→ WHAT TO PRODUCE:
Your reply should hold every entry below exactly as written and none of the pictures.

[DATA — start]

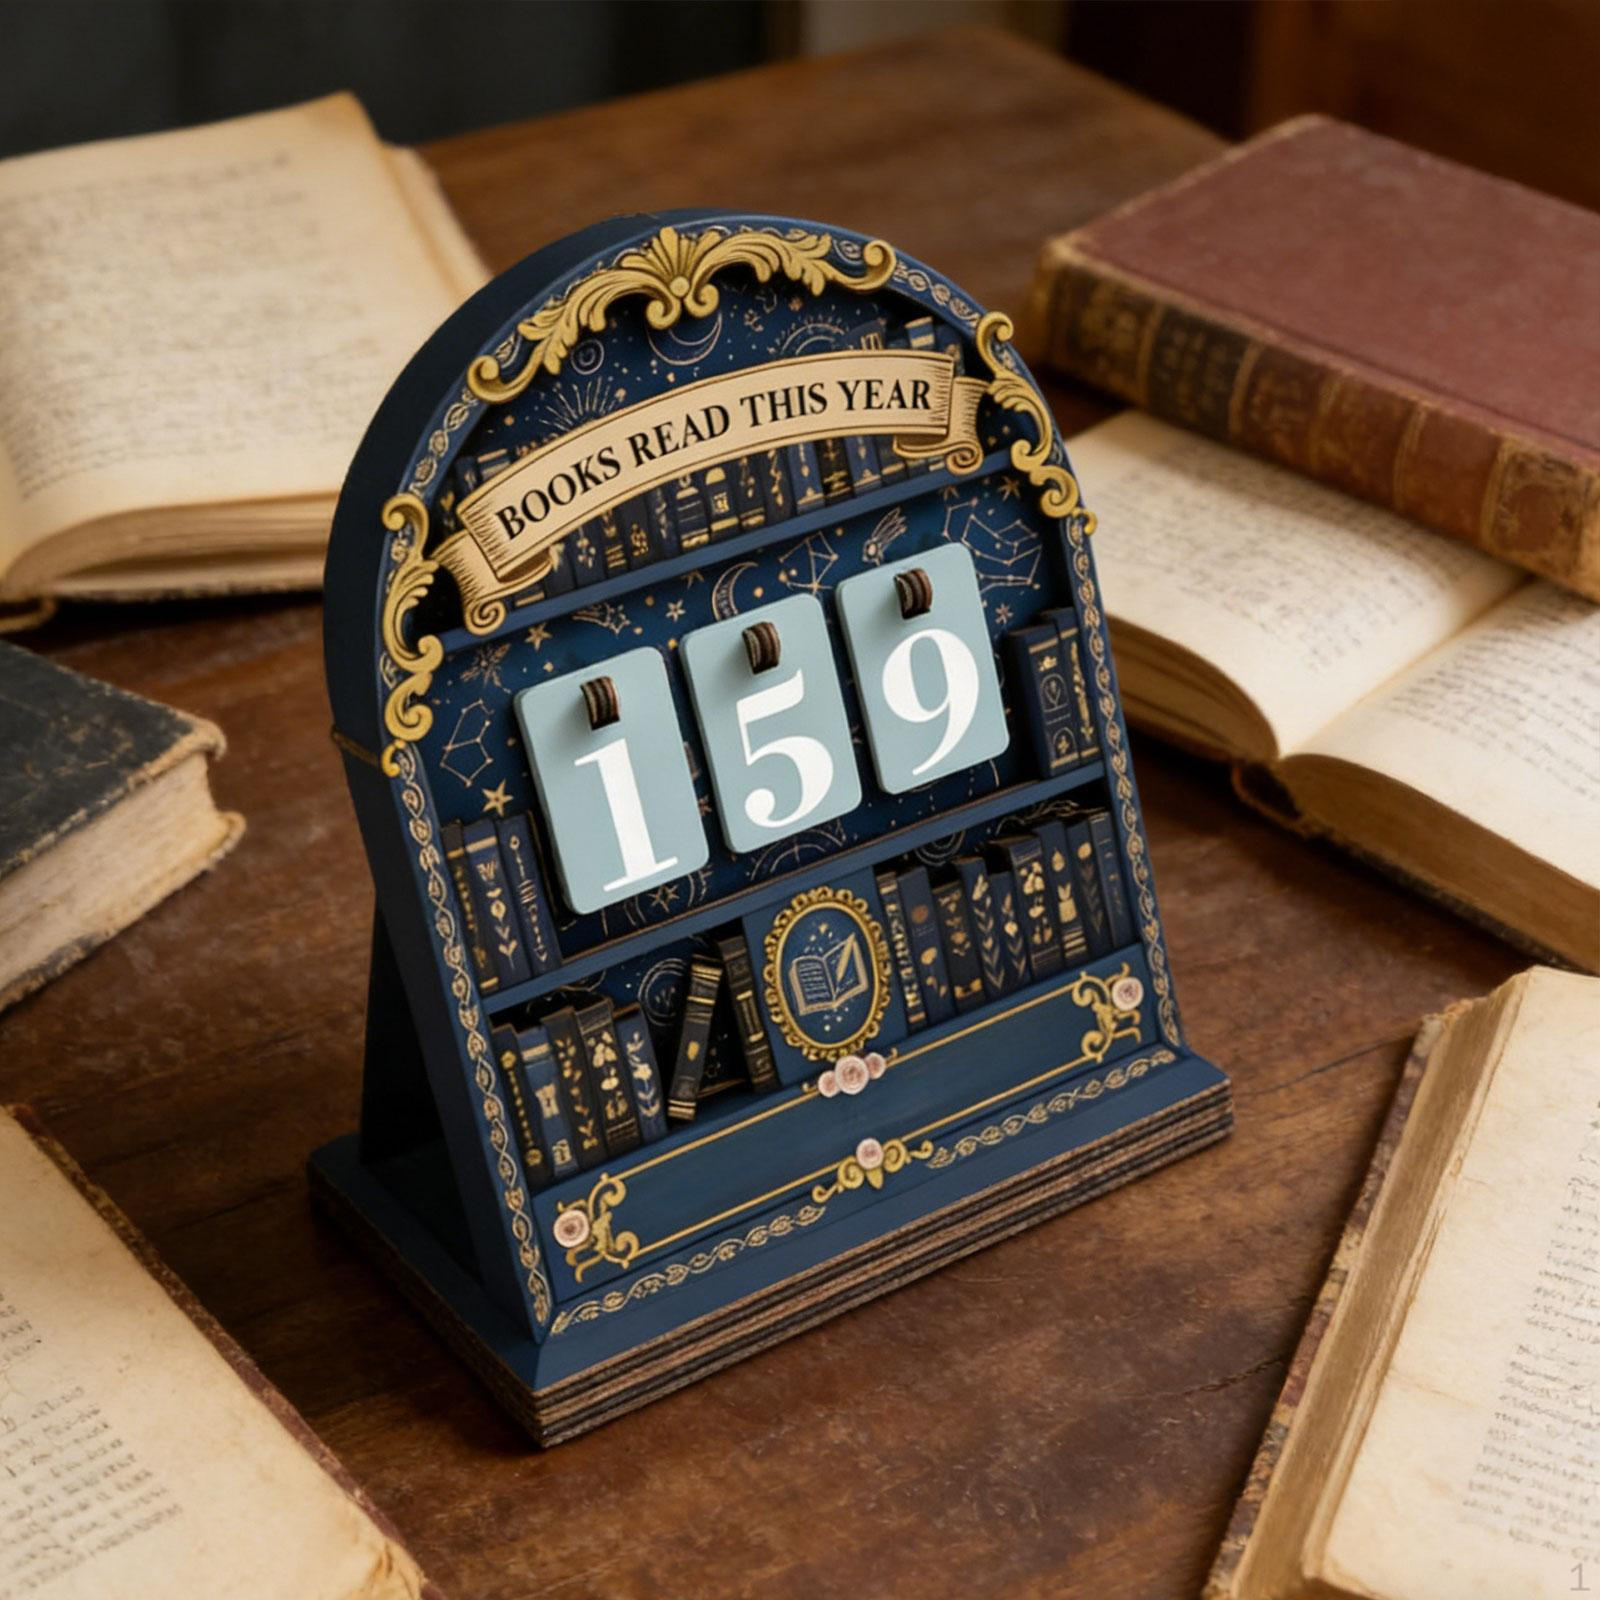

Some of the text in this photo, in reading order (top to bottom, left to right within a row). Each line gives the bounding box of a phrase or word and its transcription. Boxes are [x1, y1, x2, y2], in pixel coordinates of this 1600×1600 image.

[495, 378, 932, 541] BOOKS READ THIS YEAR
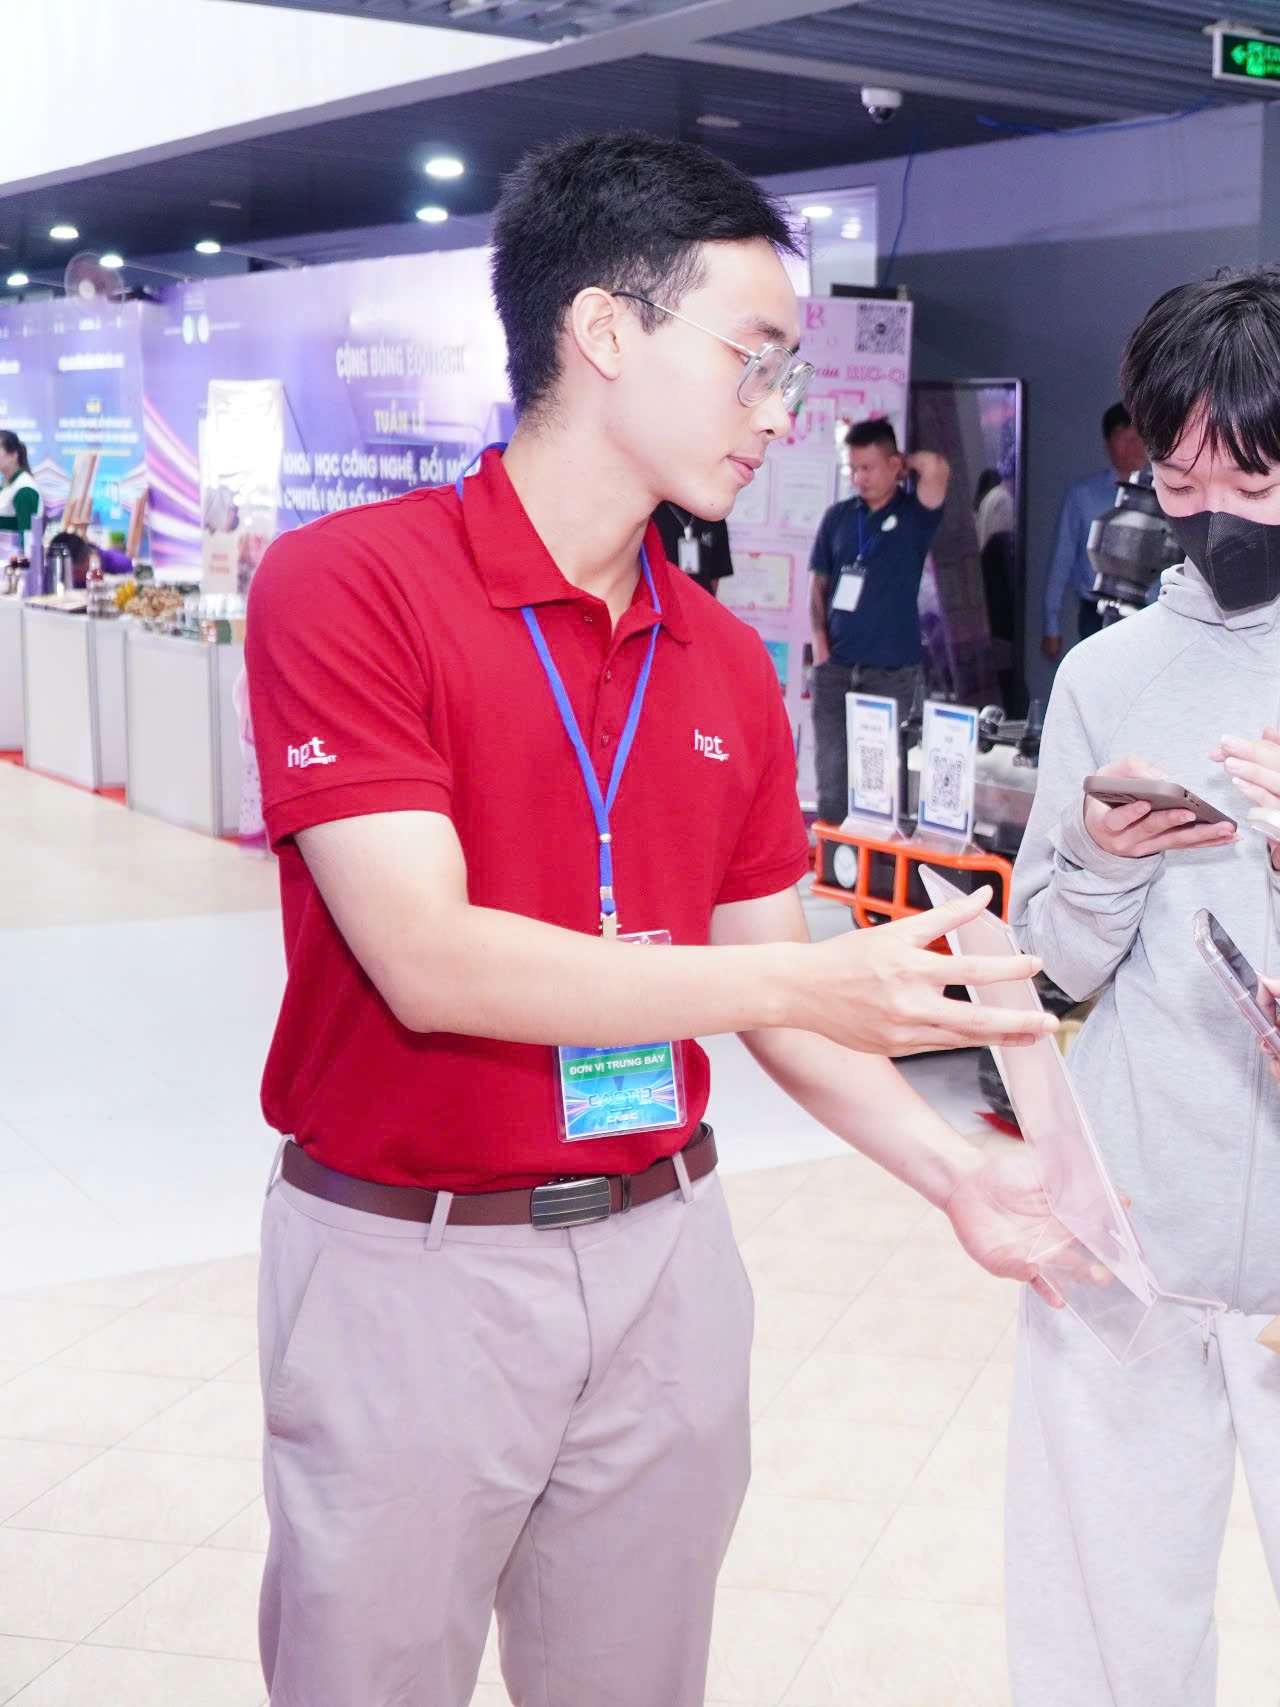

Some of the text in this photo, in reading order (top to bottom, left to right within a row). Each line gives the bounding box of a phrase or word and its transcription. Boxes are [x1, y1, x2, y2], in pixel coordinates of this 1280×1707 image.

[314, 452, 339, 481] HỌC
[342, 448, 377, 478] CÔNG
[420, 447, 444, 483] ĐỔI
[287, 736, 327, 768] hpt
[694, 728, 724, 757] hpt
[569, 1052, 666, 1076] ĐƠN VỊ TRƯNG BÀY
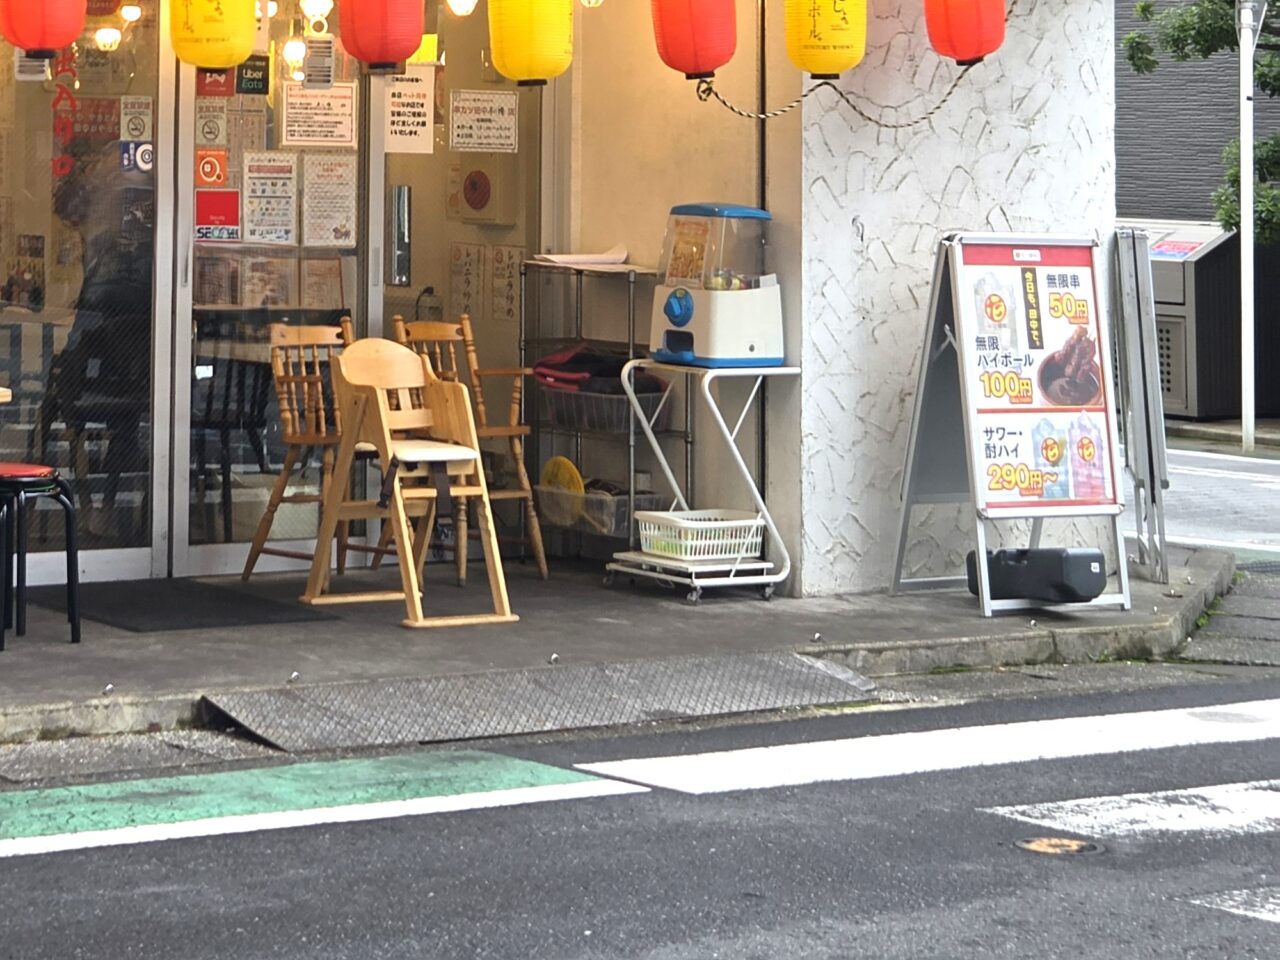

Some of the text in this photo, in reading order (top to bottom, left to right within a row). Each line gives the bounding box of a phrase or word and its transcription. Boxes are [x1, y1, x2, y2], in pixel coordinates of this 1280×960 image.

[242, 68, 263, 79] Uber
[241, 79, 263, 89] Eats
[1046, 274, 1081, 289] 無限串
[1048, 292, 1089, 319] 50円
[975, 336, 1000, 351] 無限
[977, 353, 1034, 368] ハイボール
[980, 371, 1033, 398] 100円
[984, 443, 1019, 459] 酎ハイ

[DATA — finish]

→ SOLUTION TO THE PROBLEM:
Some of the text in this photo, in reading order (top to bottom, left to right within a row). Each line gives the bounding box of a phrase or word and its transcription. Boxes are [x1, y1, x2, y2], in pixel coordinates of this 1600×1600 image.

[495, 378, 932, 541] BOOKS READ THIS YEAR

Some of the text in this photo, in reading order (top to bottom, left to right within a row). Each line gives the bounding box of a phrase or word and its transcription. Boxes are [x1, y1, x2, y2], in pixel coordinates of this 1280×1707 image.

[314, 452, 339, 481] HỌC
[342, 448, 377, 478] CÔNG
[420, 447, 444, 483] ĐỔI
[287, 736, 327, 768] hpt
[694, 728, 724, 757] hpt
[569, 1052, 666, 1076] ĐƠN VỊ TRƯNG BÀY

Some of the text in this photo, in reading order (top to bottom, left to right within a row). Each line gives the bounding box of a phrase or word and its transcription. Boxes are [x1, y1, x2, y2], in pixel coordinates of this 1280×960 image.

[242, 68, 263, 79] Uber
[241, 79, 263, 89] Eats
[1046, 274, 1081, 289] 無限串
[1048, 292, 1089, 319] 50円
[975, 336, 1000, 351] 無限
[977, 353, 1034, 368] ハイボール
[980, 371, 1033, 398] 100円
[984, 443, 1019, 459] 酎ハイ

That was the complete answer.